*YOUR TASK*.
Nothing in the entries may change when you repeat them, and no images may appear.

*RECORDS PROVIDED*.
=-=-=
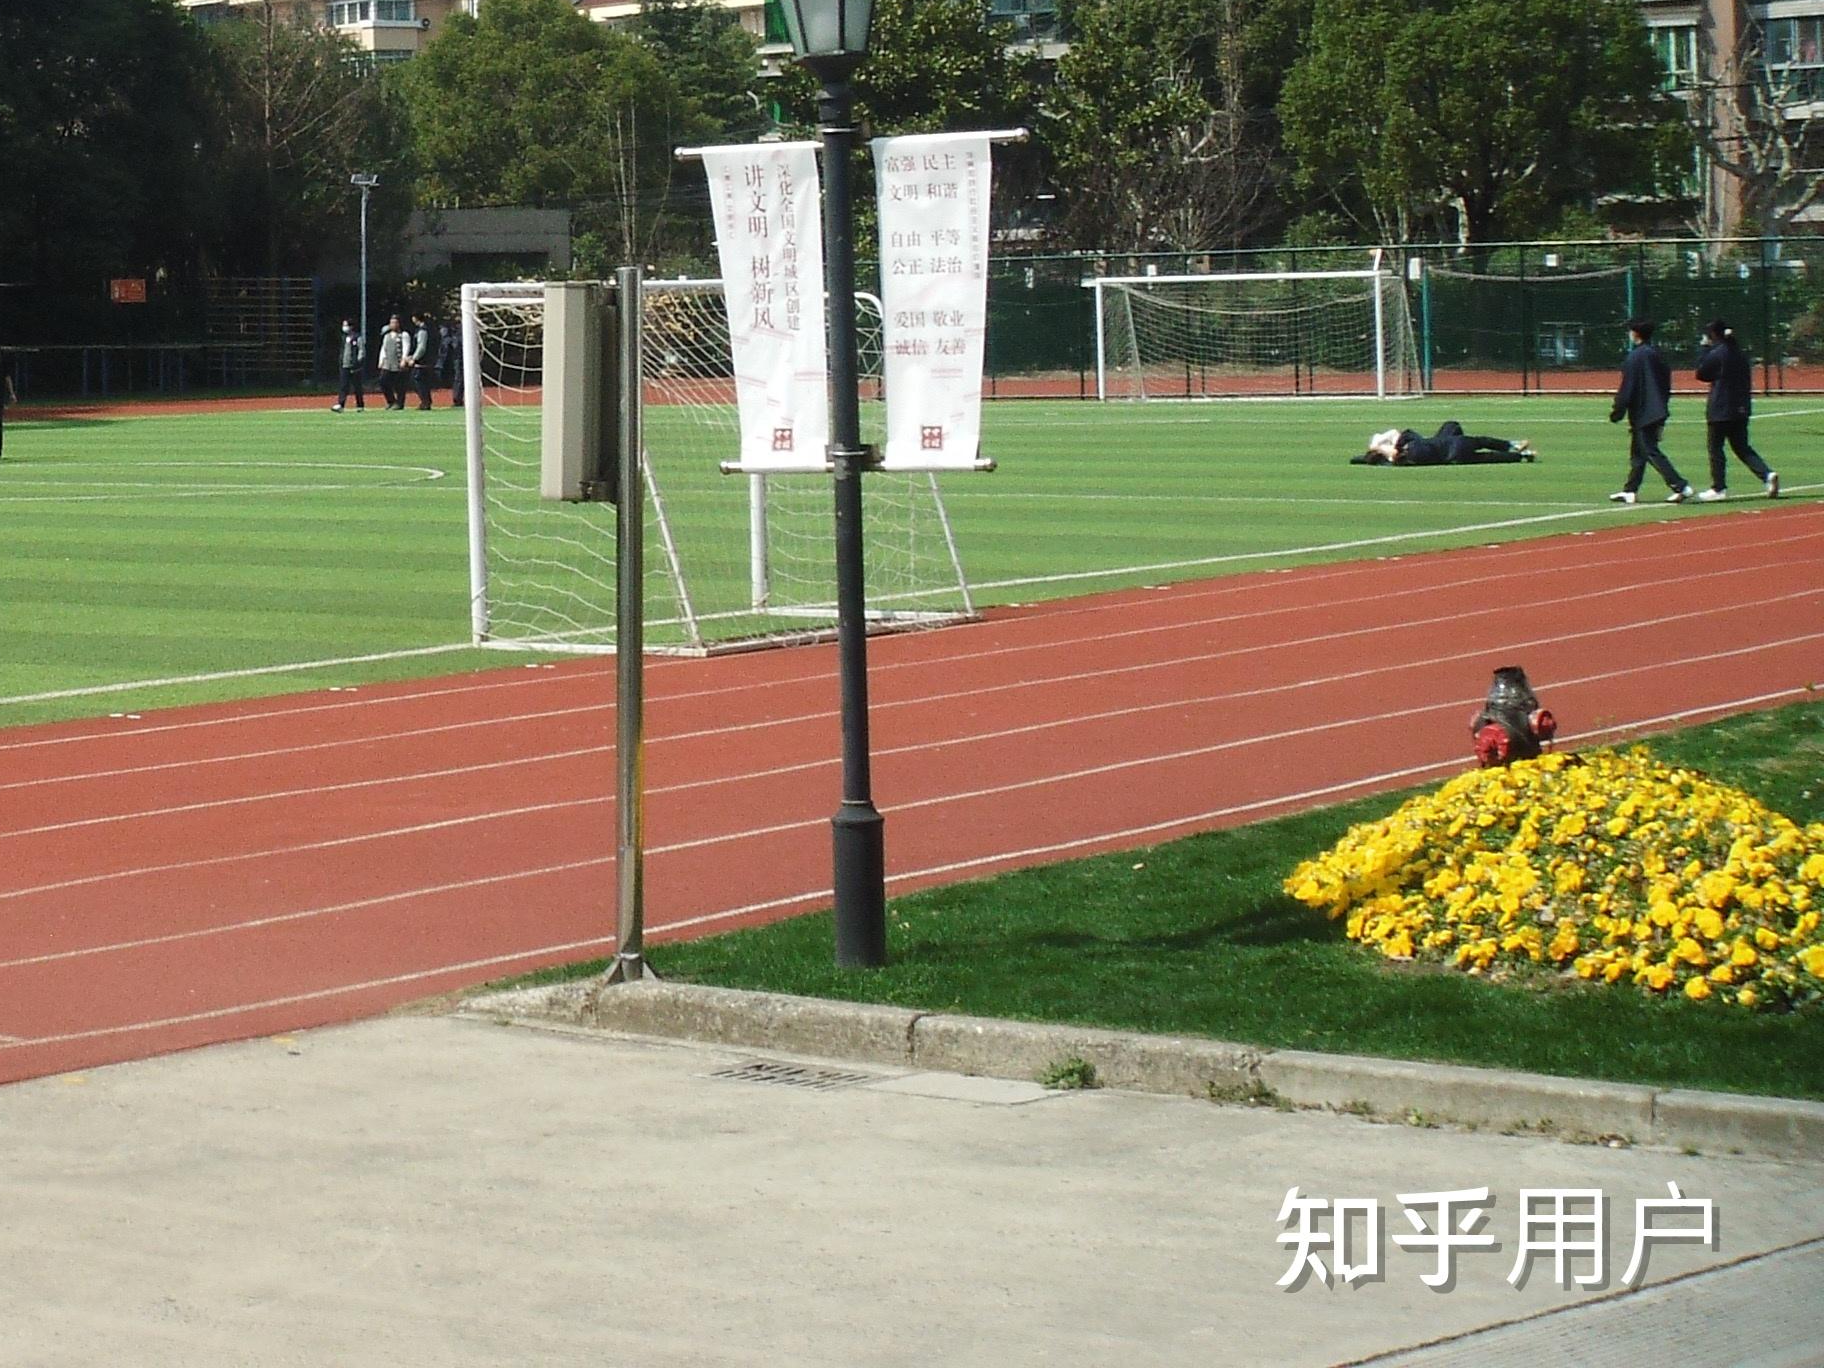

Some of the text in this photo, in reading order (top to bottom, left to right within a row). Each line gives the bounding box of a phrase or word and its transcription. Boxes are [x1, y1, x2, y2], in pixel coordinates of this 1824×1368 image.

[886, 154, 956, 172] 富强 民主
[889, 183, 958, 201] 文明 和谐
[745, 165, 774, 329] 讲文明 树新风
[891, 229, 961, 248] 自由 平等
[892, 258, 962, 275] 公正 法治
[894, 311, 964, 328] 爱国 敬业
[895, 339, 966, 356] 诚信 友善
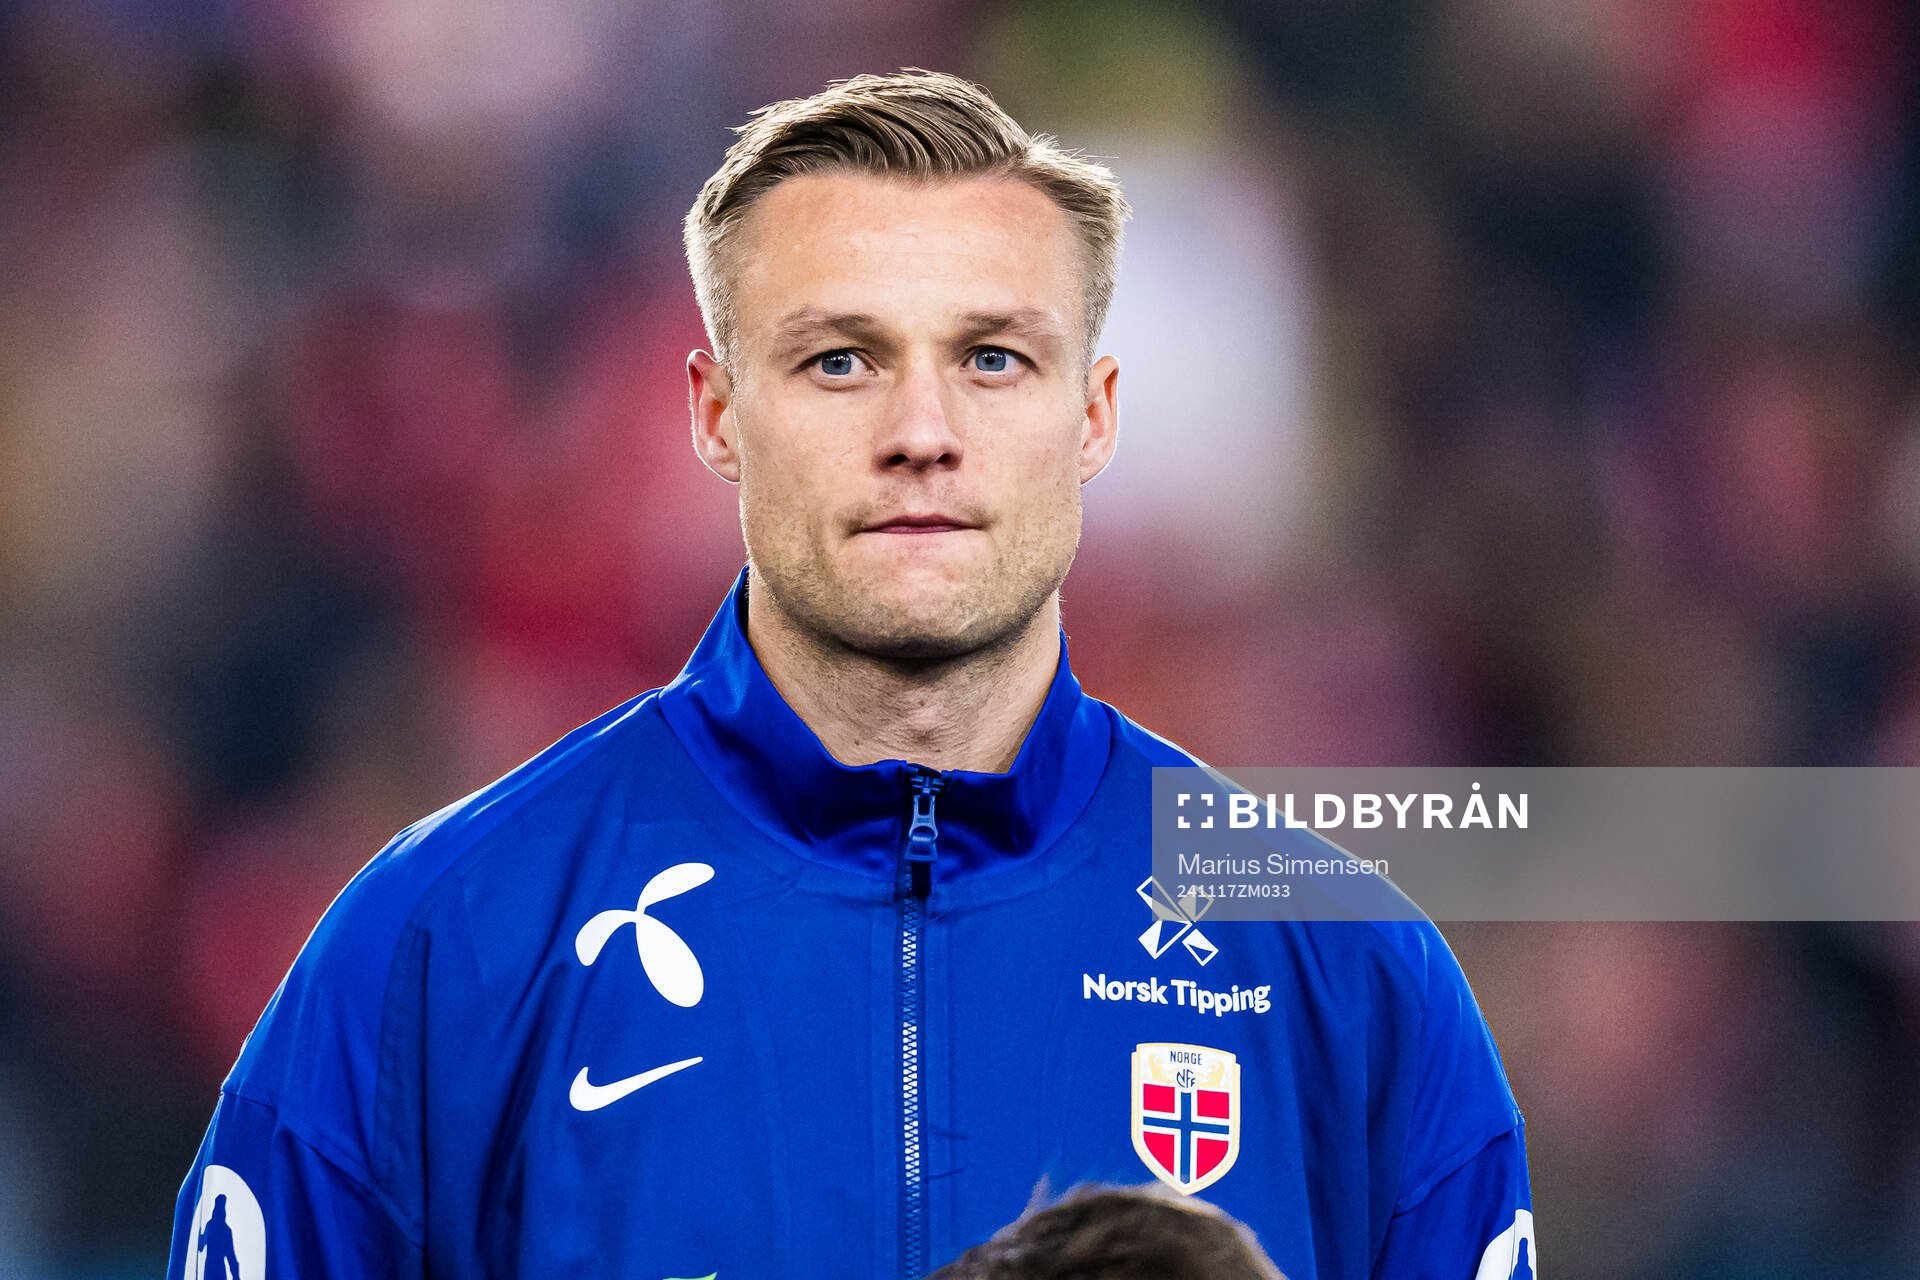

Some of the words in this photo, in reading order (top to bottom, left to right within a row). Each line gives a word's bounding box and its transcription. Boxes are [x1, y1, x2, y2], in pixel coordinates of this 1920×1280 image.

[1082, 973, 1169, 1005] Norsk
[1170, 979, 1272, 1017] Tipping
[1169, 1050, 1204, 1065] NORGE
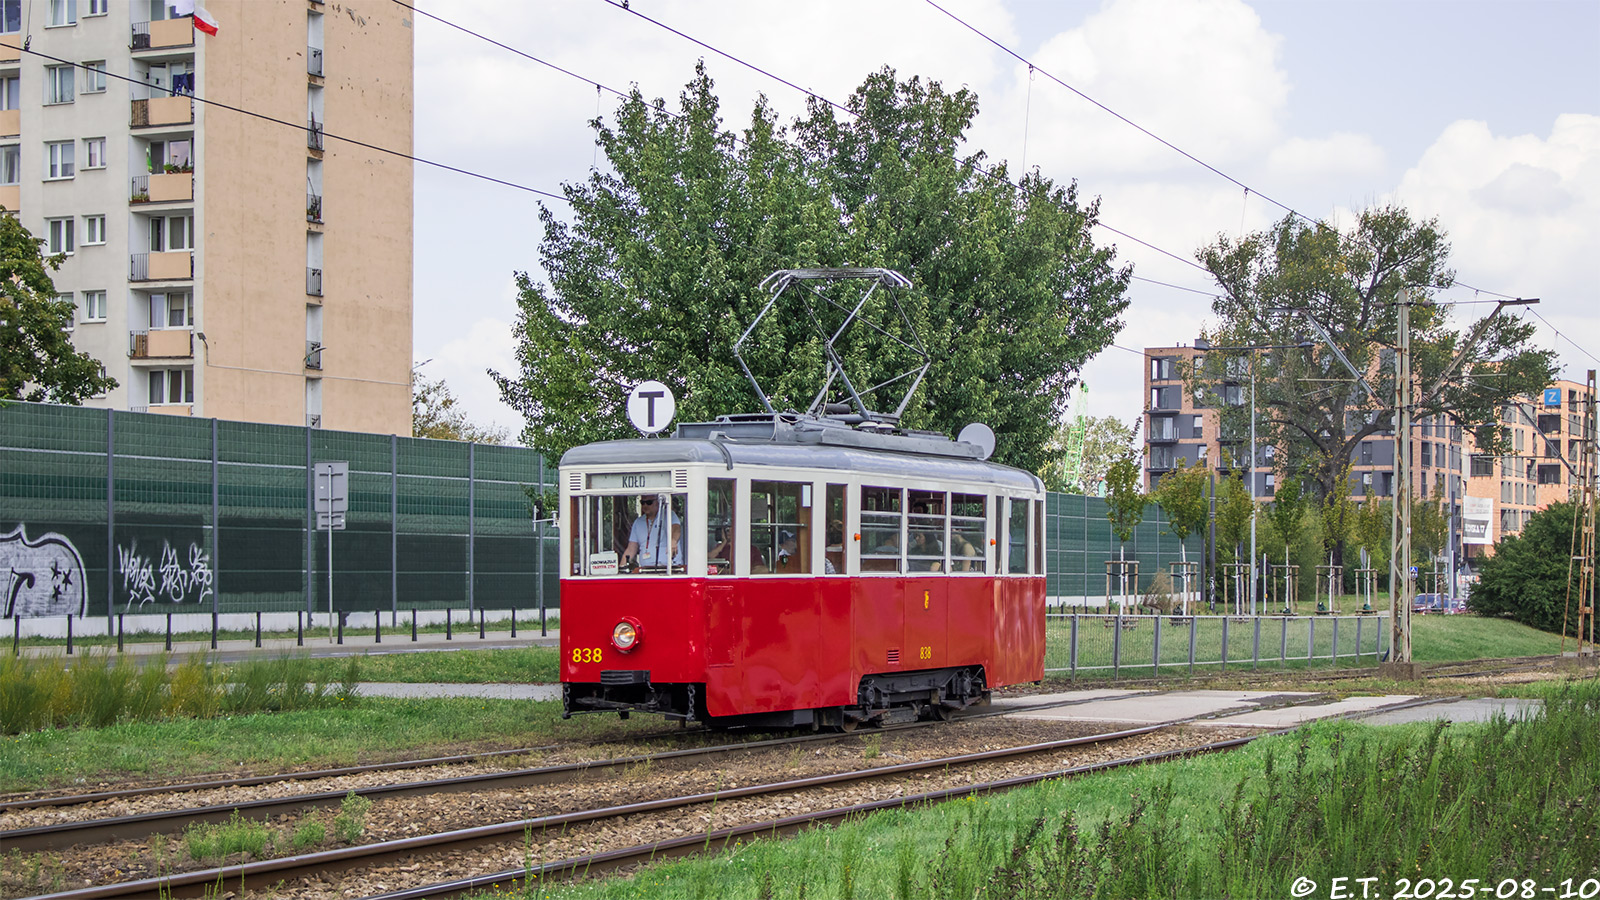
=-=-=
*ANSWER AREA*.
Some of the text in this photo, in reading order (top to bottom, left to right within a row). Each line gives the bounding box of a phrase or word and its transcription. Boxes are [x1, y1, x2, y2], in pixel coordinates of this 1824×1368 image.

[886, 154, 956, 172] 富强 民主
[889, 183, 958, 201] 文明 和谐
[745, 165, 774, 329] 讲文明 树新风
[891, 229, 961, 248] 自由 平等
[892, 258, 962, 275] 公正 法治
[894, 311, 964, 328] 爱国 敬业
[895, 339, 966, 356] 诚信 友善

Some of the words in this photo, in reading order (top to bottom, left to right within a row). Each line gives a word's bounding box and its transcription. Boxes are [x1, y1, x2, y2], in pixel coordinates of this 1920×1280 image.

[1082, 973, 1169, 1005] Norsk
[1170, 979, 1272, 1017] Tipping
[1169, 1050, 1204, 1065] NORGE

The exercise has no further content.